Action item:
When you transcribe the data below, reproduce every line exactly and leave each picture out.

'''

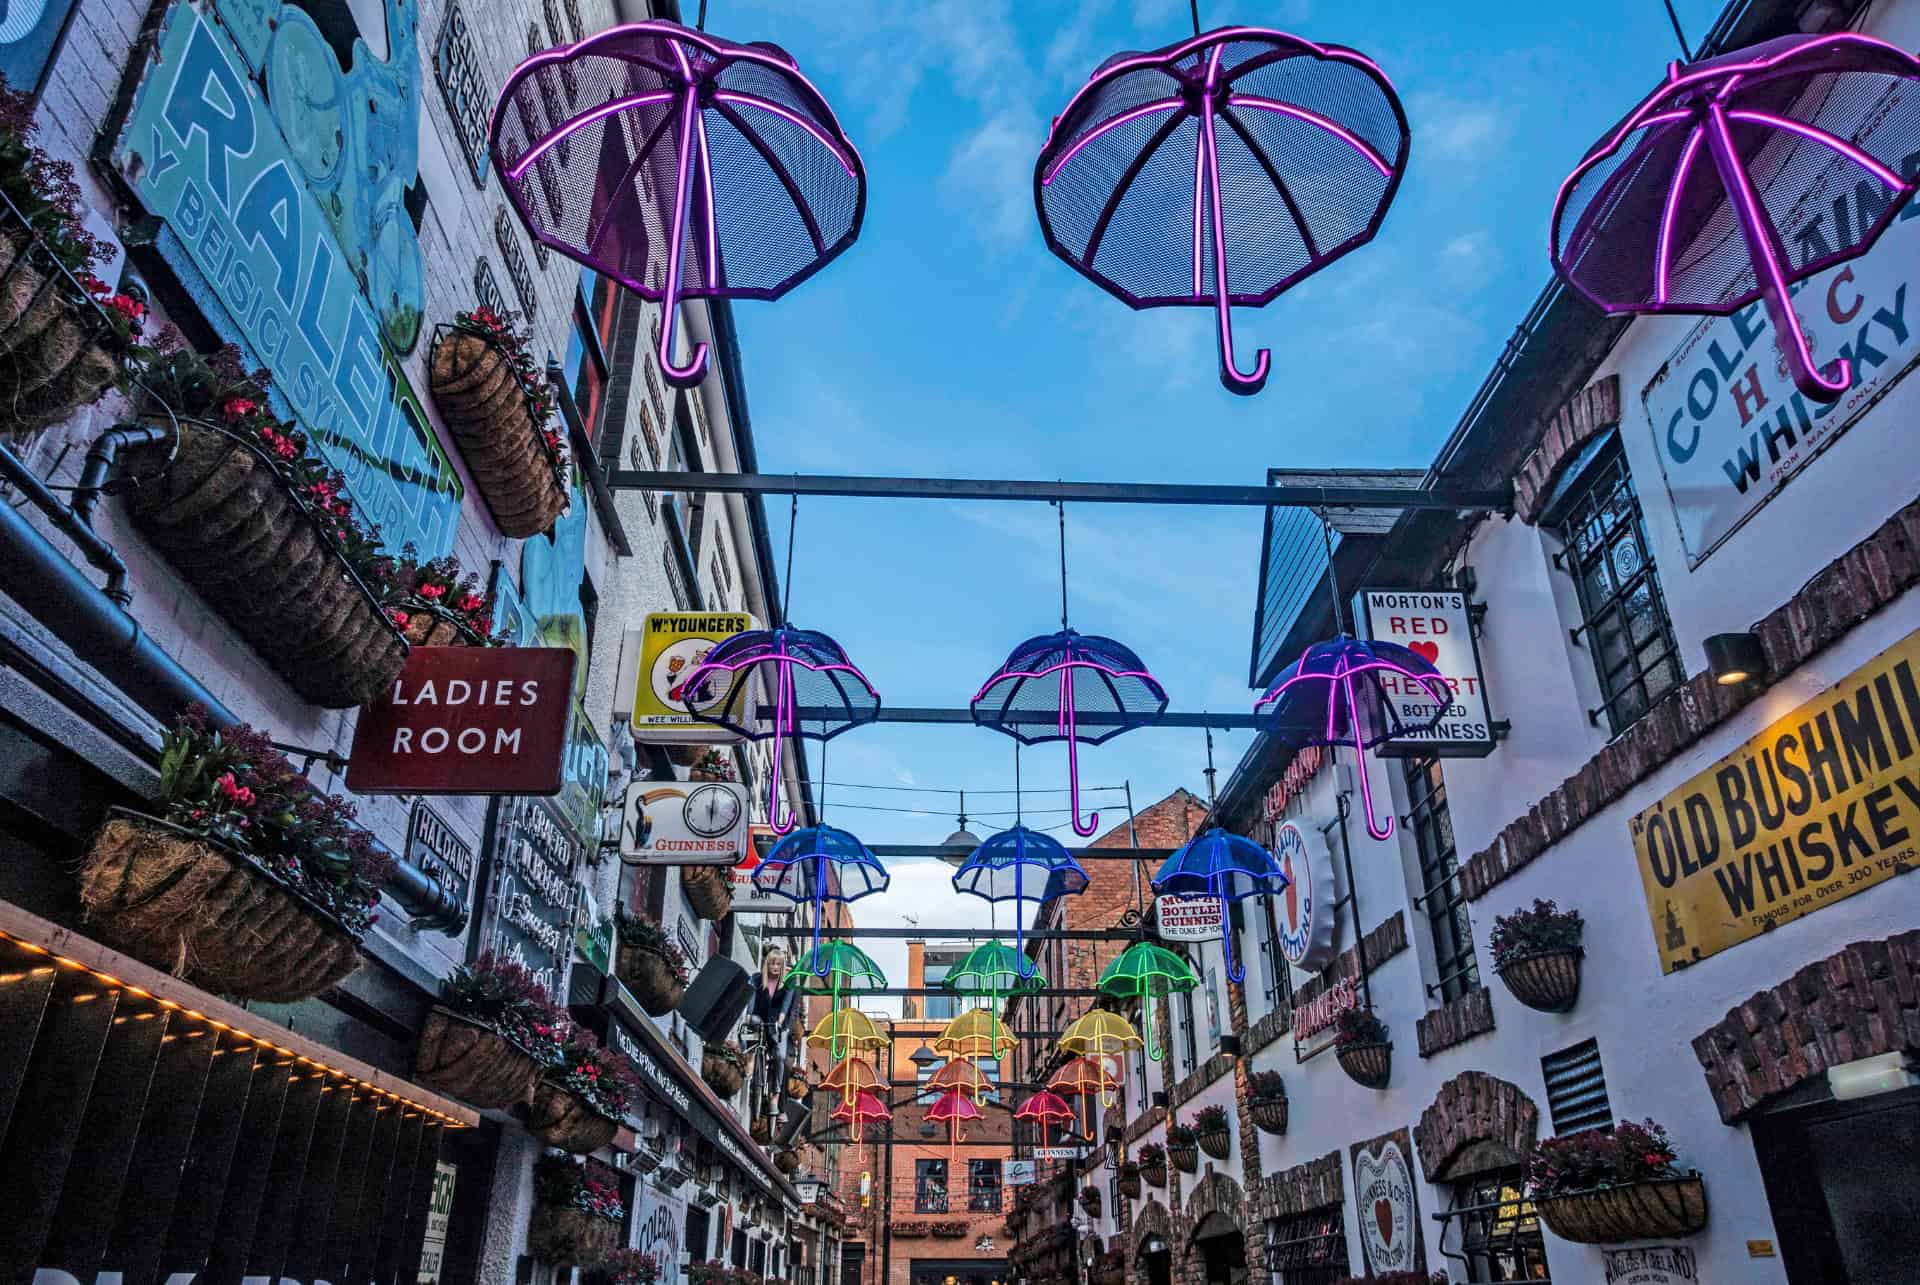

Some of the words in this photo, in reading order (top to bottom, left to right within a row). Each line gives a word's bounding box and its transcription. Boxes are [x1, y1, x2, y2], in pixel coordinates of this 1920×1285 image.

[147, 123, 180, 188] Y
[162, 14, 463, 558] RALEIGH
[1769, 452, 1800, 482] FROM
[1807, 416, 1836, 448] MALT
[1372, 594, 1462, 609] MORTON'S
[669, 616, 745, 633] YOUNGER'S
[1390, 617, 1449, 635] RED
[392, 679, 539, 706] LADIES
[392, 727, 522, 755] ROOM
[419, 811, 471, 881] HALDANE
[655, 839, 737, 851] GUINNESS
[1274, 828, 1301, 862] UALITY
[1752, 904, 1790, 927] FAMOUS
[1793, 894, 1812, 909] FOR
[1816, 880, 1844, 898] OVER
[1848, 865, 1872, 884] 300
[1161, 915, 1223, 927] GUINNES

'''

Exercise output:
Some of the words in this photo, in reading order (top to bottom, left to right within a row). Each line gives a word's bounding box and its transcription. Boxes are [x1, y1, x2, y2], in pixel coordinates of this 1920×1285 image.

[147, 123, 180, 188] Y
[162, 14, 463, 558] RALEIGH
[1769, 452, 1800, 482] FROM
[1807, 416, 1836, 448] MALT
[1372, 594, 1462, 609] MORTON'S
[669, 616, 745, 633] YOUNGER'S
[1390, 617, 1449, 635] RED
[392, 679, 539, 706] LADIES
[392, 727, 522, 755] ROOM
[419, 811, 471, 881] HALDANE
[655, 839, 737, 851] GUINNESS
[1274, 828, 1301, 862] UALITY
[1752, 904, 1790, 927] FAMOUS
[1793, 894, 1812, 909] FOR
[1816, 880, 1844, 898] OVER
[1848, 865, 1872, 884] 300
[1161, 915, 1223, 927] GUINNES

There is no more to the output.